# Task 1: **Company Count by Sector in California**

1. **Import SparkSession** – This is needed to start and manage a Spark job.
2. **Create a Spark session** – `SparkSession.builder.appName(...)` starts a Spark environment with the name `"FINC612_Task1_CA_SectorCounts"`.
3. **Set the file path** – `data_path` points to where your `sp500_constituents.json` file is stored (in this case, in Colab’s `/content` folder).
4. **Read the JSON file** – `spark.read.json(data_path)` loads the S\&P 500 data into a Spark DataFrame called `sp500_df`.
5. **Create a SQL view** – `createOrReplaceTempView("sp500")` makes the DataFrame available as a temporary table named `"sp500"` so you can run SQL queries directly on it.


In [None]:
from pyspark.sql import SparkSession

spark = SparkSession.builder.appName("FINC612_Task1_CA_SectorCounts").getOrCreate()

data_path = "content\sp500_constituents.json"
sp500_df = spark.read.json(data_path)
sp500_df.createOrReplaceTempView("sp500")

1. **Write the SQL query** –

   * `SELECT sector, COUNT(*) AS company_count` chooses the sector column and counts how many companies are in each sector.
   * `FROM sp500` tells Spark to use the temporary table you created earlier.
   * `WHERE state IN ('CA', 'California')` filters the data so only companies from California are included.
   * `GROUP BY sector` groups the rows by sector so the count is calculated per sector.
   * `ORDER BY company_count DESC, sector` sorts the results, showing the sectors with the most companies first, and then sorting by sector name if counts are equal.

2. **Run the query** – `spark.sql(sector_counts_sql)` executes the SQL and stores the results in `sector_counts`.

3. **Display the results** – `sector_counts.show(truncate=False)` prints the full table in the notebook without shortening long text.


In [None]:
sector_counts_sql = """
SELECT
  sector,
  COUNT(*) AS company_count
FROM sp500
WHERE state IN ('CA', 'California')
GROUP BY sector
ORDER BY company_count DESC, sector
"""

sector_counts = spark.sql(sector_counts_sql)

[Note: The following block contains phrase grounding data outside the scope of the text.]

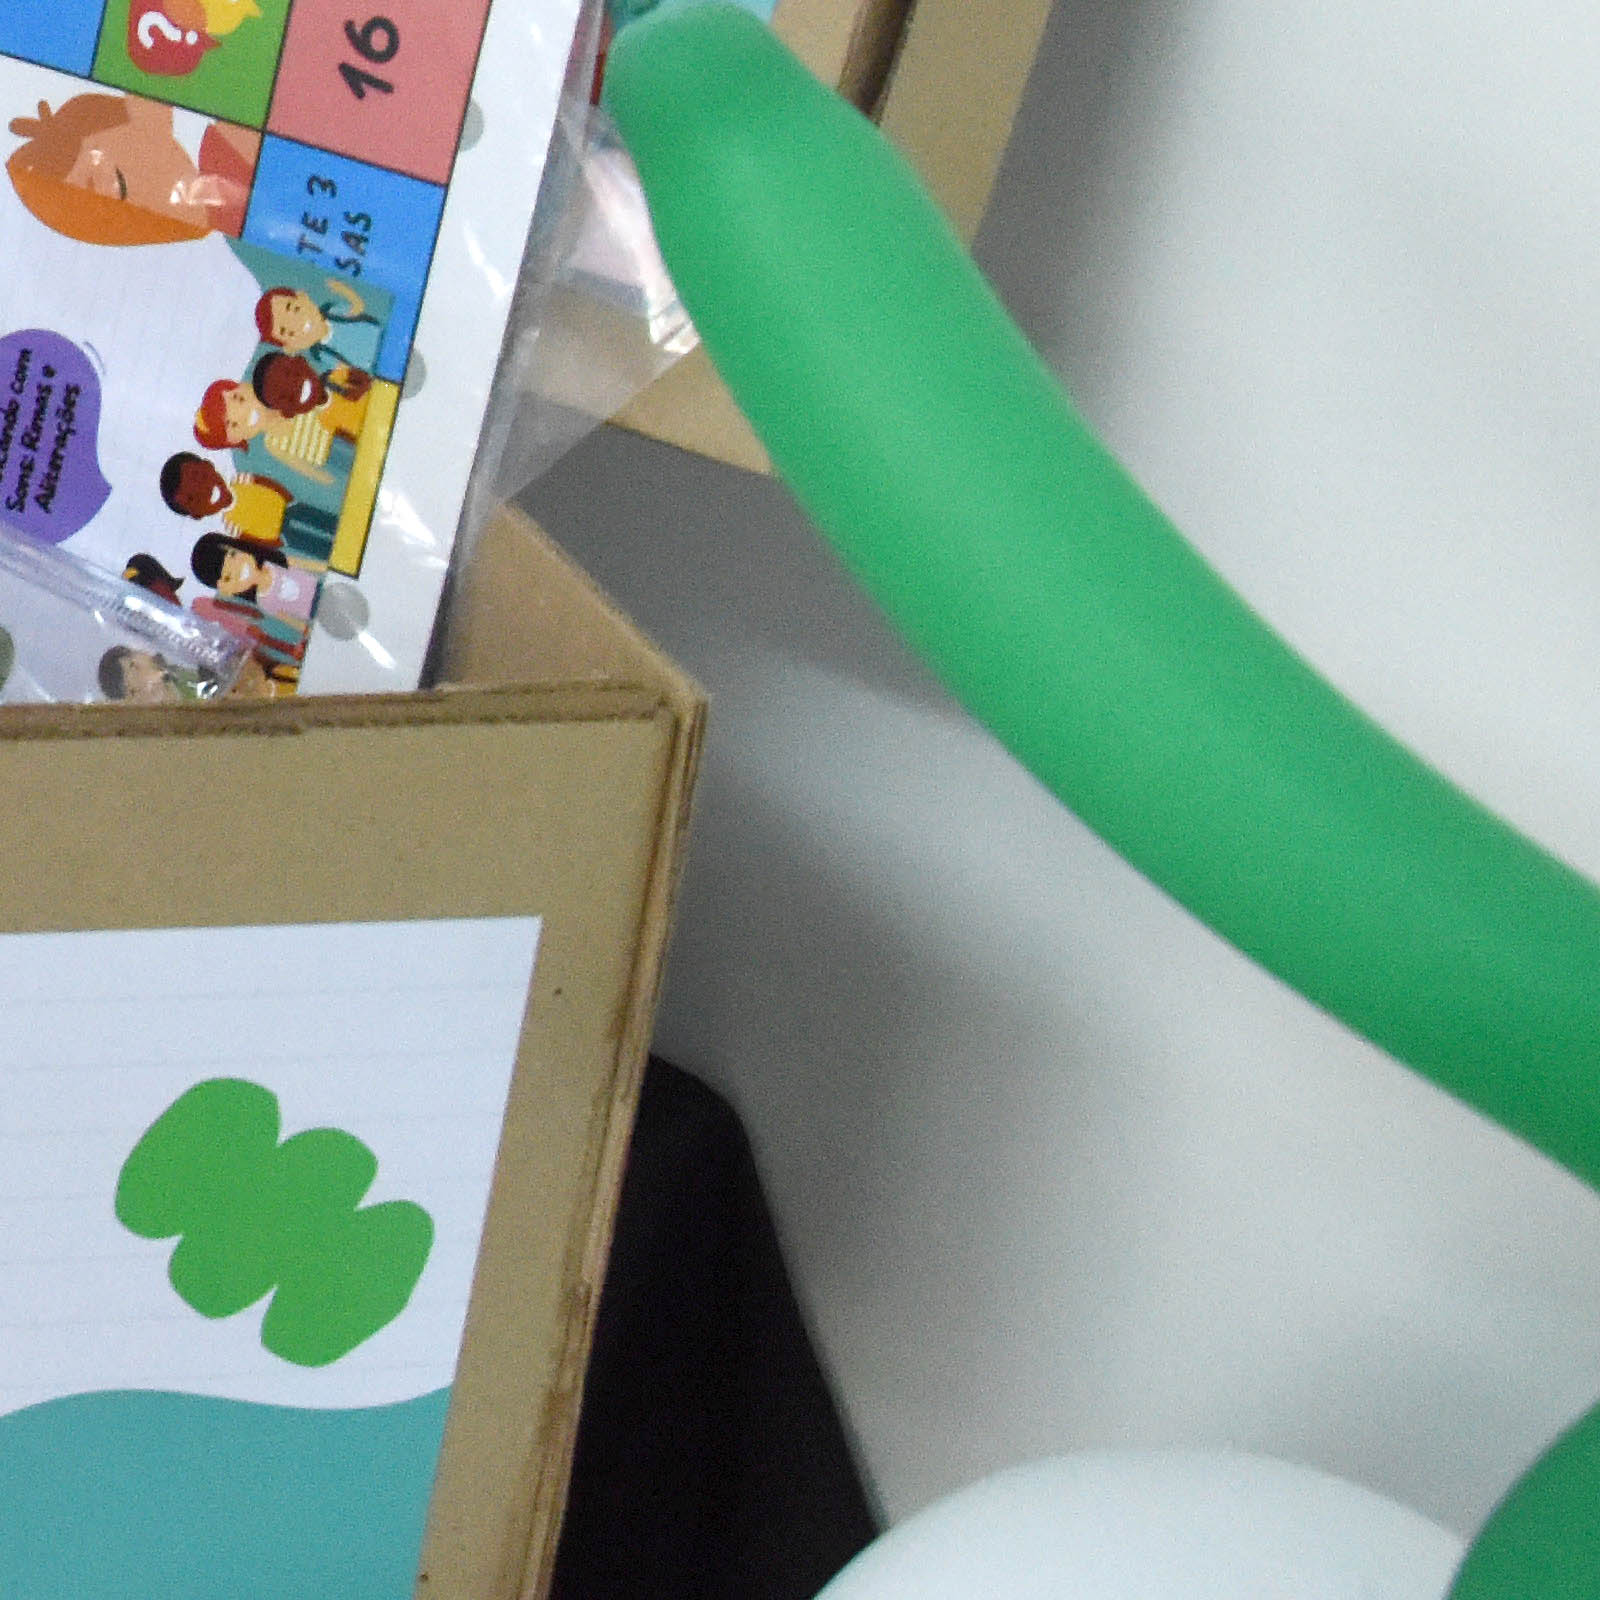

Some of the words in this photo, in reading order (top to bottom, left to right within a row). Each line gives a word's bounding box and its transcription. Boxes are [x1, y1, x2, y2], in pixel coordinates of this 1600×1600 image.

[344, 13, 404, 102] 16
[307, 174, 338, 198] 3
[11, 348, 33, 395] com
[20, 383, 54, 453] Rimas
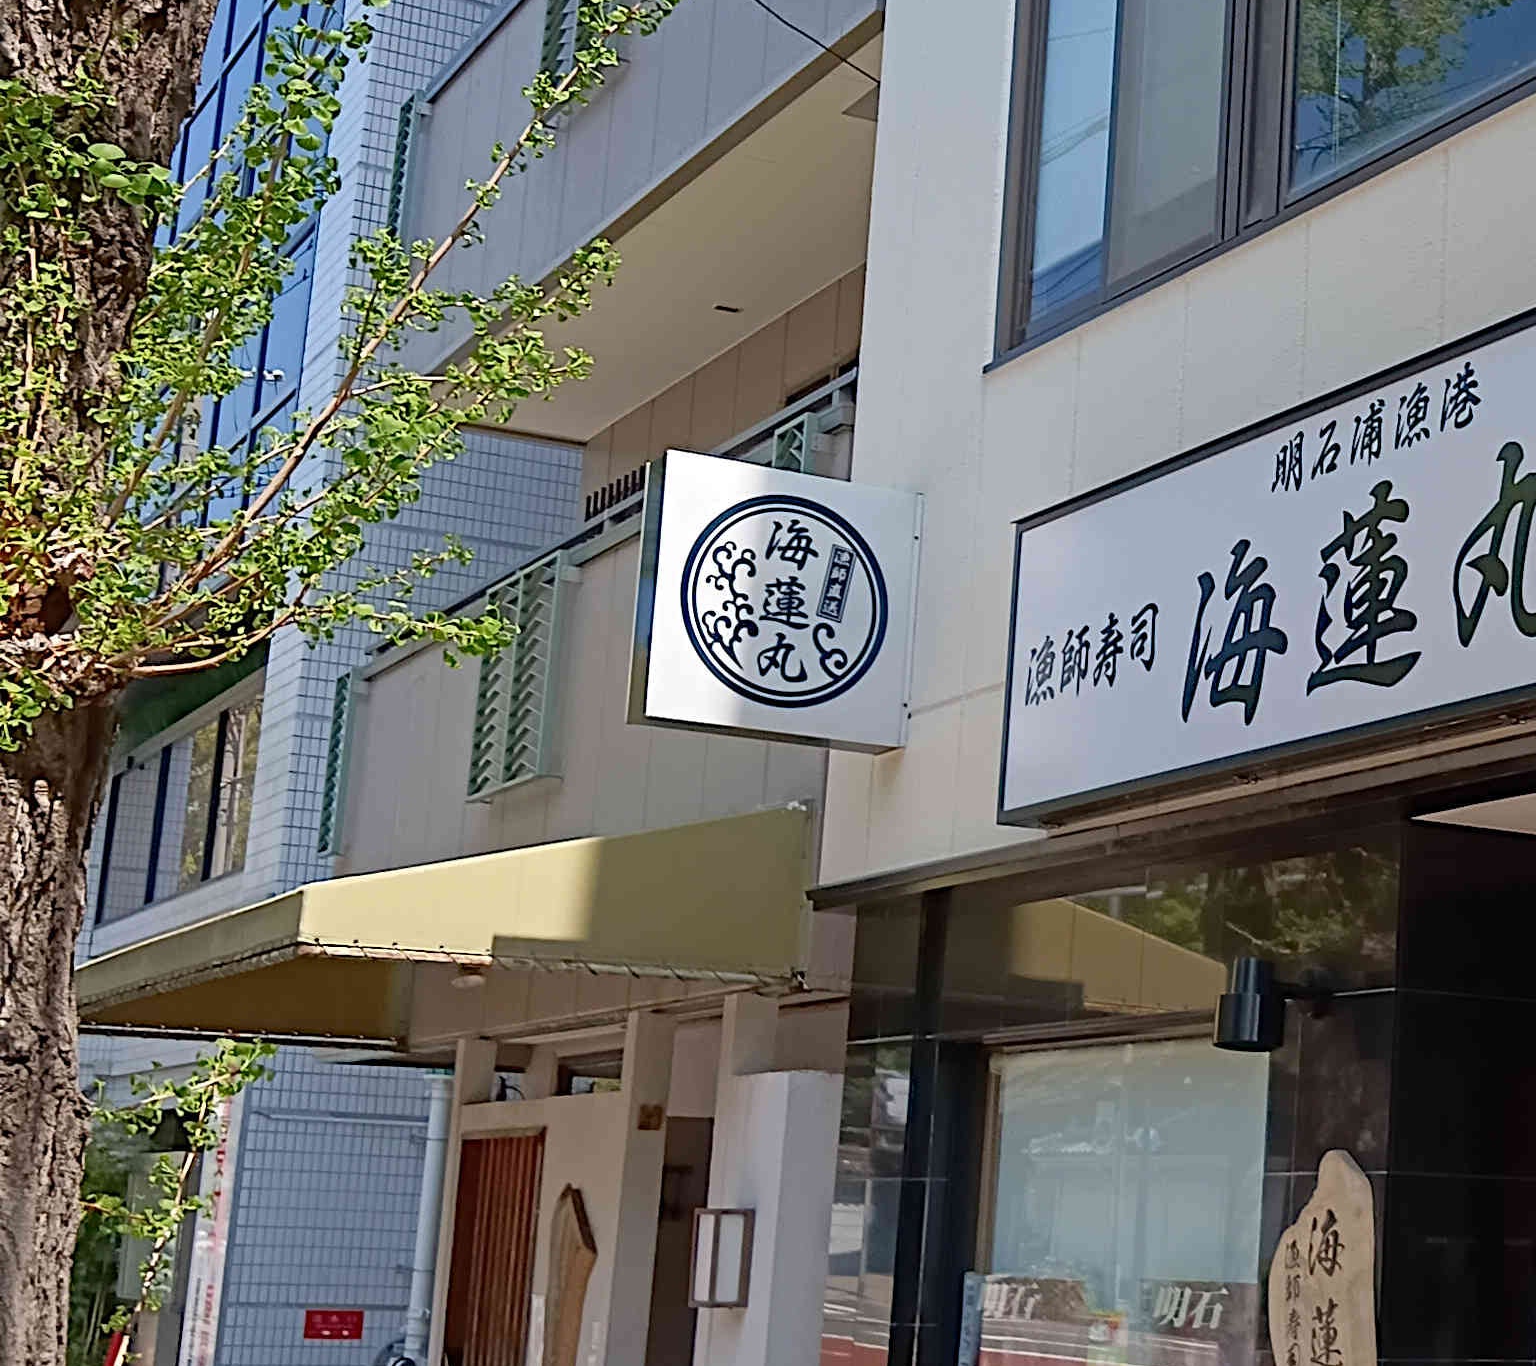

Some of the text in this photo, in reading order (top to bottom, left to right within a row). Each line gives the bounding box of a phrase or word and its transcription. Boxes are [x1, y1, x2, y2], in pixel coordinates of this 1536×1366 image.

[1271, 361, 1482, 493] 明石浦漁港
[757, 519, 819, 683] 海蓮丸
[1024, 602, 1159, 707] 漁師寿司
[1152, 1286, 1230, 1330] 明石

sector_counts.show(truncate=False)

+----------------------+-------------+
|sector                |company_count|
+----------------------+-------------+
|Technology            |31           |
|Healthcare            |9            |
|Communication Services|7            |
|Real Estate           |6            |
|Consumer Cyclical     |5            |
|Financial Services    |4            |
|Utilities             |3            |
|Consumer Defensive    |2            |
|Energy                |1            |
+----------------------+-------------+



For a more pleasing output converted the PySpark output to pandas series.




In [None]:
sector_counts_pd = sector_counts.toPandas()
sector_counts_pd

Unnamed: 0,sector,company_count
0,Technology,31
1,Healthcare,9
2,Communication Services,7
3,Real Estate,6
4,Consumer Cyclical,5
5,Financial Services,4
6,Utilities,3
7,Consumer Defensive,2
8,Energy,1